SiWC 2016 Workshop #2 Voice & Viewpoint

Voice & Viewpoint
Hallie Ephron

HANDOUT (as per yesterday, I will look for this and update this post if I can find it)

Writing fiction is about making choices and one of the first choices you make is through which character’s perspective the reader will experience the events. Whose story is it?

Voice:

Same content, different voices:

Factual voice: “It was a dark and stormy night…”
Attitude/Southern voice: “Damn in that rain didn’t come down in buckets and sheets…”
Literary voice: “A September storm battered a sleeping London…”
Telling a story voice: “He turned to look just in time to see the rain start falling out as if the storm had finally decided to weep with shame for what it had done to them.”

Viewpoint is more of a technical thing. Which characters narrates, it flows through the perspective of the character and filters it.
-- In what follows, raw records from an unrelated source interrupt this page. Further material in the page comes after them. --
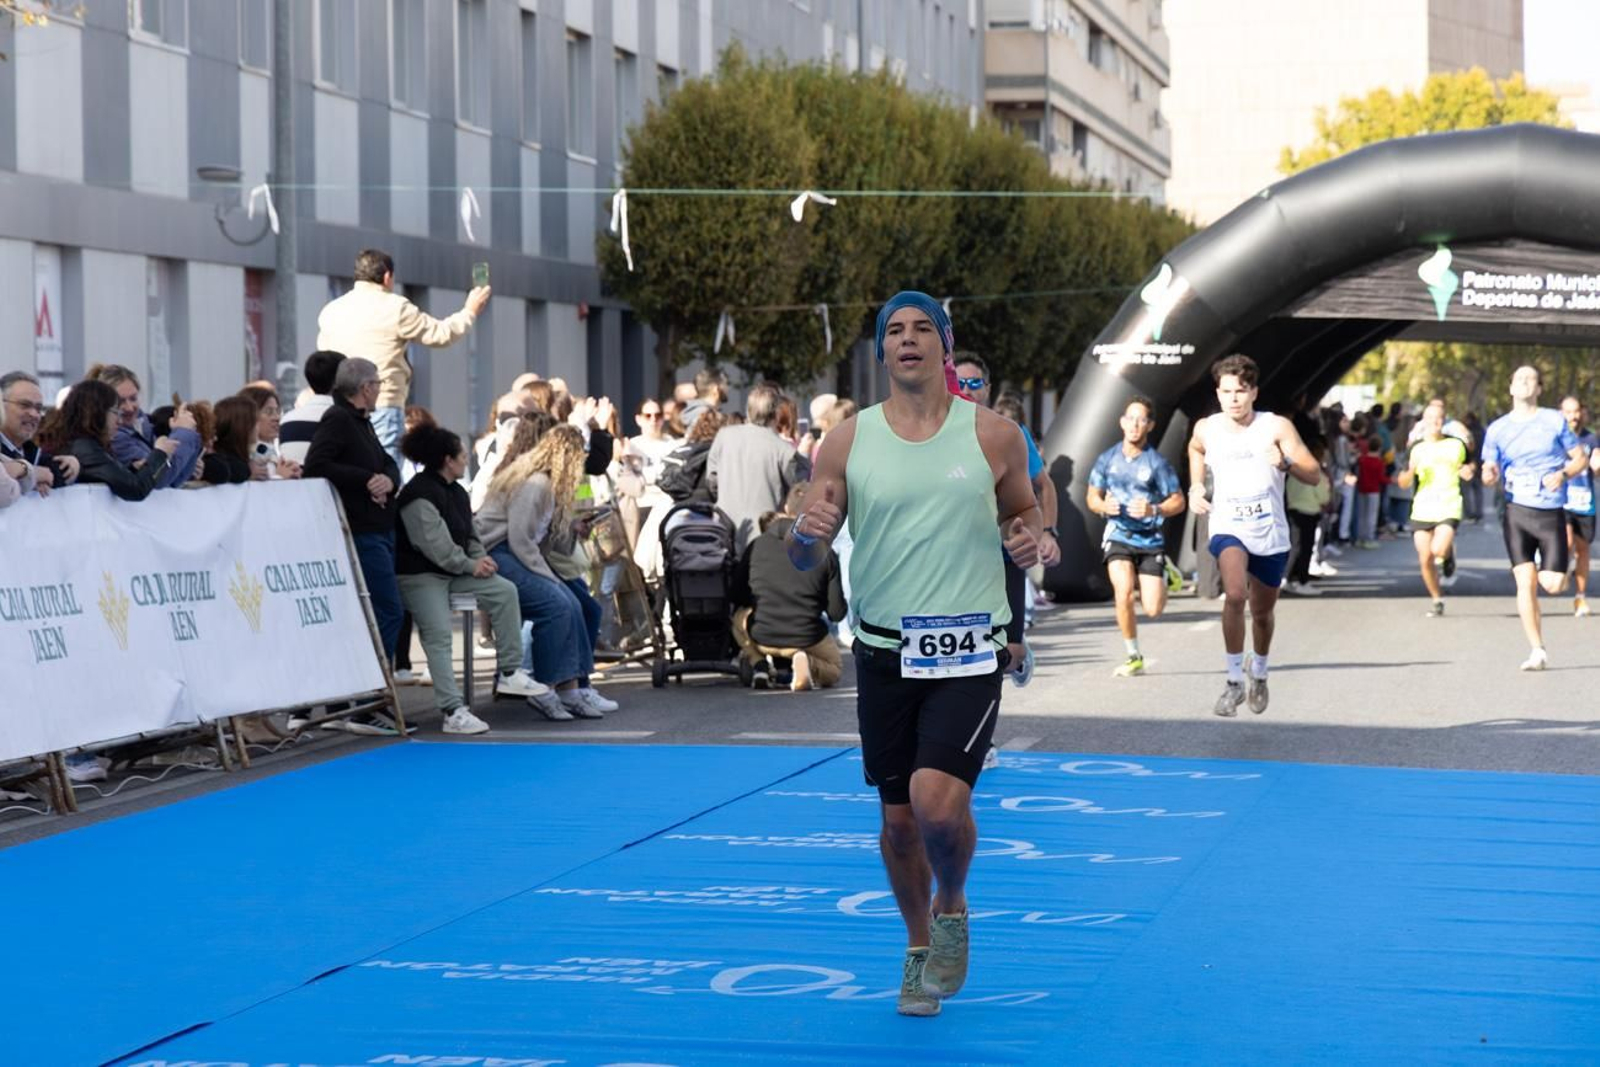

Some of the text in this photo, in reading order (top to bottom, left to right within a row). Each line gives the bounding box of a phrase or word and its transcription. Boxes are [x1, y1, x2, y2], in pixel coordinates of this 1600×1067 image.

[1463, 271, 1543, 289] Patronato
[1462, 289, 1538, 309] Deportes
[1541, 291, 1564, 308] de
[1235, 502, 1264, 517] 534
[167, 570, 216, 603] RURAL
[297, 559, 347, 589] RURAL
[29, 583, 84, 619] RURAL
[295, 591, 333, 628] JAÉN
[168, 604, 199, 641] AÉN
[28, 621, 68, 664] JAÉN
[918, 631, 977, 657] 694
[441, 971, 654, 984] MEDIA
*A Wrinkle of Time - great example of distant 3rd POV switching into close 3rd POV. With 3rd POV, you can change the focus, zoom in and out. 3rd POC close can almost get as close as 1st POV, if skillfully handled.
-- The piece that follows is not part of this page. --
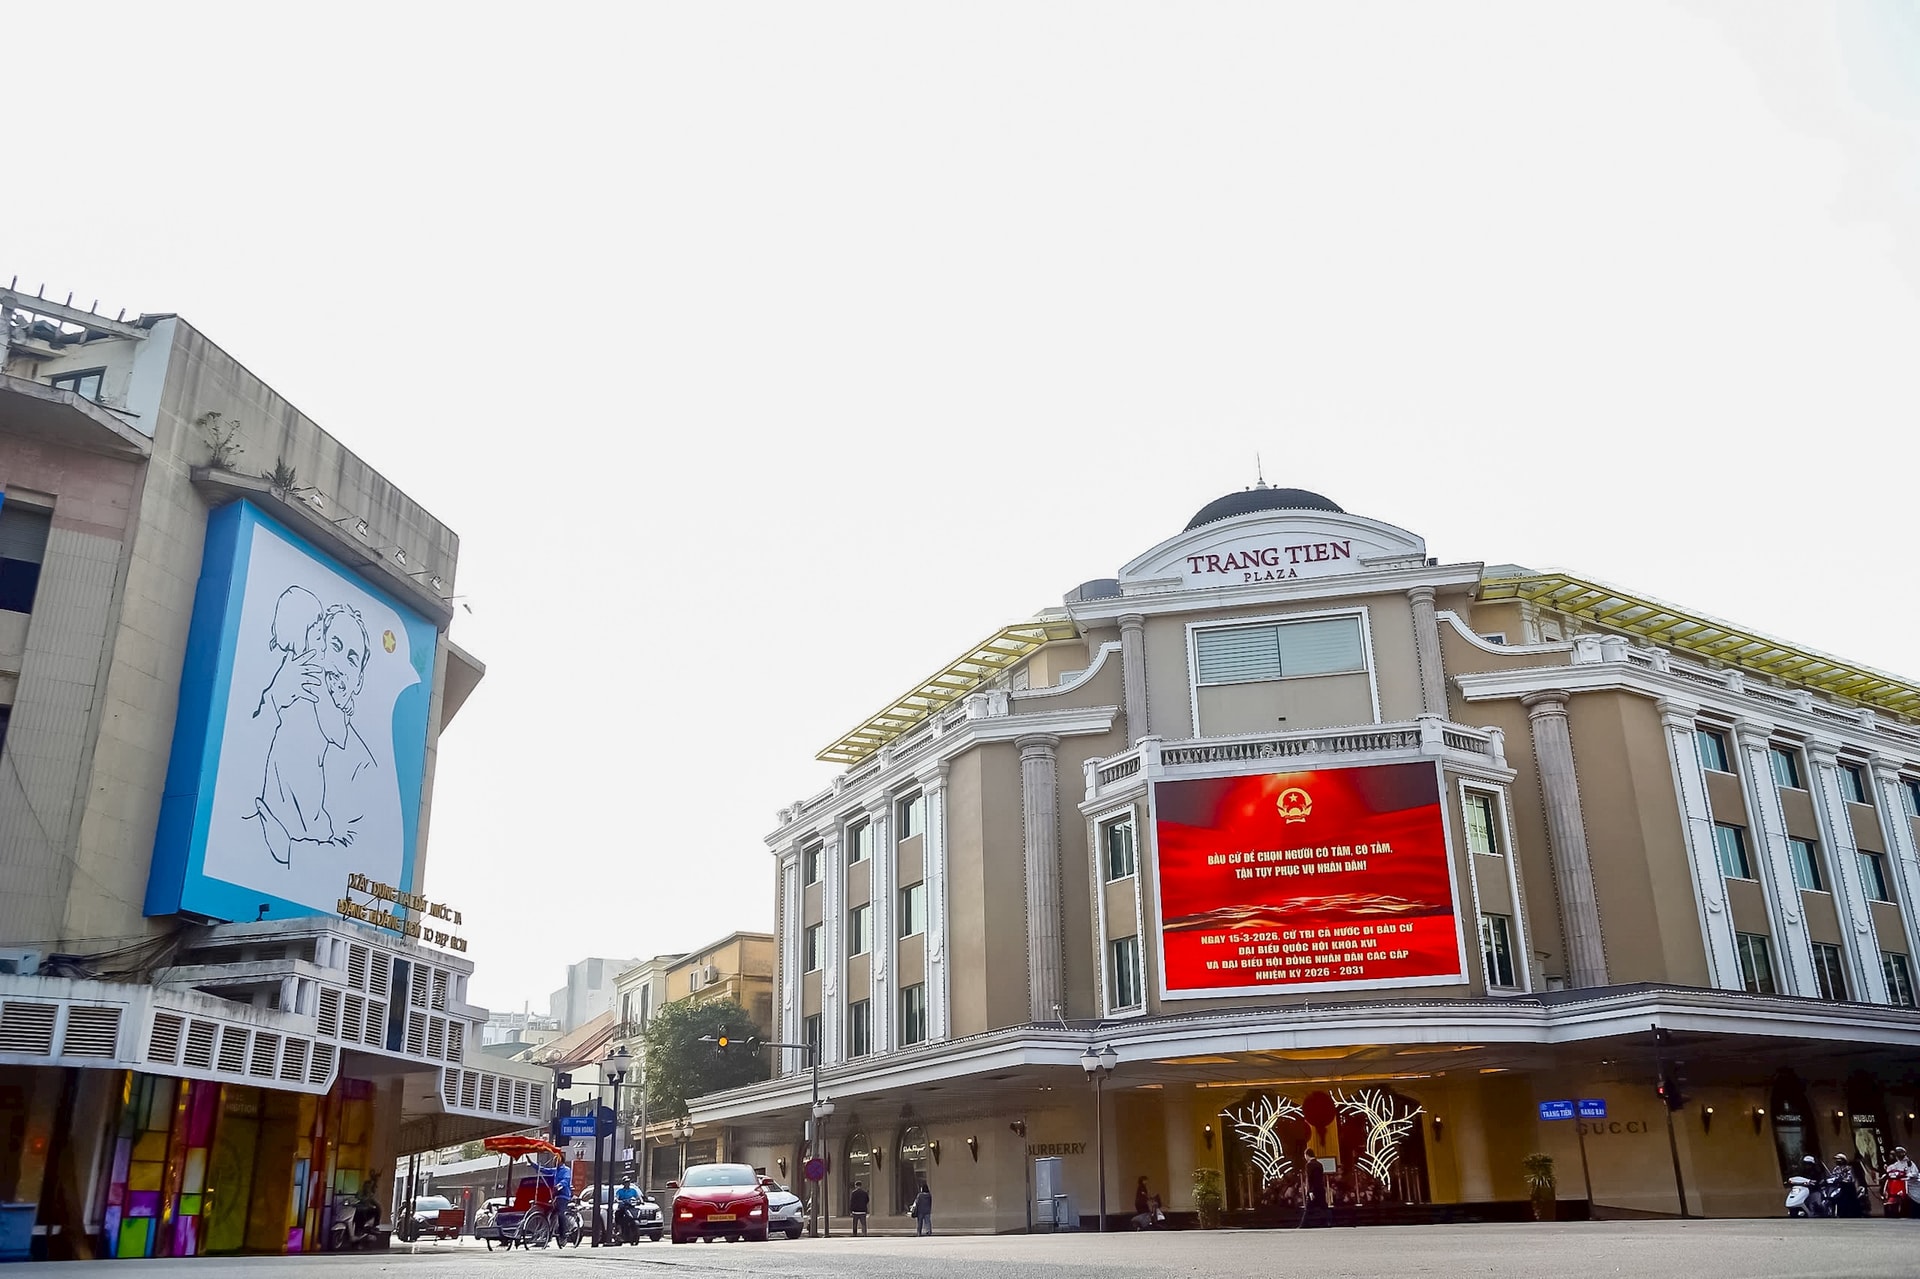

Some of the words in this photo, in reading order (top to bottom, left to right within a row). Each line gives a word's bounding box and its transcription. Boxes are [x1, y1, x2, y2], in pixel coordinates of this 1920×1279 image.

Voice reflects the narrator, you should be able to open a book to a random page and know who is speaking a line by their grammar, sentence structure, word choice, etc because it reflects their attitude/etc.

*Moonlight Mile, Dennis Lehane - the subtext in the internal dialogue is especially good

*Edge of Dark Water, author? - another good look at voice

*Oblivion , Peter Abrams (sp?) an excellent unreliable narrator and very, very close 3rd POV

POV Tradeoffs:

Omniscient POV, the reader sees a lot, but it’s harder for the reader to bond with a particular character and care whether they succeed or not

1st POV you get super bonded with the main character, but you’re stuck there, you don’t get a wider perspective. Claustrophobic which is both the greatest weakness and greatest strength.

3rd is the most fluid, being able to zoom in closer or further away.

Single viewpoints: the reader doesn’t know what they character doesn’t know, so good if you want an unreliable narrator, surprises, etc.

Multiple narrators gives a wider view, and gives more suspense because you can see the characters working against each other - the readers now more than the individual characters.

Managing and controlling 3rd POV

3rd POV can get very messy, using ‘he’ and ‘she’ in a sentence can cause confusion if there are more than one male or female in the room, the problem of head hopping comes up.

-One person narrating at the same time

-Clear transitions/scene breaks to switch from one narrator to another

*Example in handout of getting away with headhopping, watch where it switches and how it stays in control. One of the major reasons the author gets away with it is because of the conflict that piques your interest: who is ‘he’ and why does Reine-Marie want to go with him? There is this isolated bomb: “He had to go to the Gaspe” to switch/tip, a dynamic, so using the page, the white space.

Deepening Viewpoint

Sometimes you feel you’re holding your character too much at a distance

How to take something that feels too distant and make it closer?

Eliminate sense words that distance the viewer: heard/saw/followed/listened
“Deirdre heard the doorbell chime” -> change to ‘The doorbell chimed.’

Add internalization/thoughts/etc: “The doorbell chimed.” add: “Was it the police? How could they have gotten here that fast?”


Layering in voice: “…her gaze travelled to the crutch Deirdre leaned against.” add: Deirdre was used to that.” -> get a sense of how Deirdre feels about people noticing her disability, a bit of edge.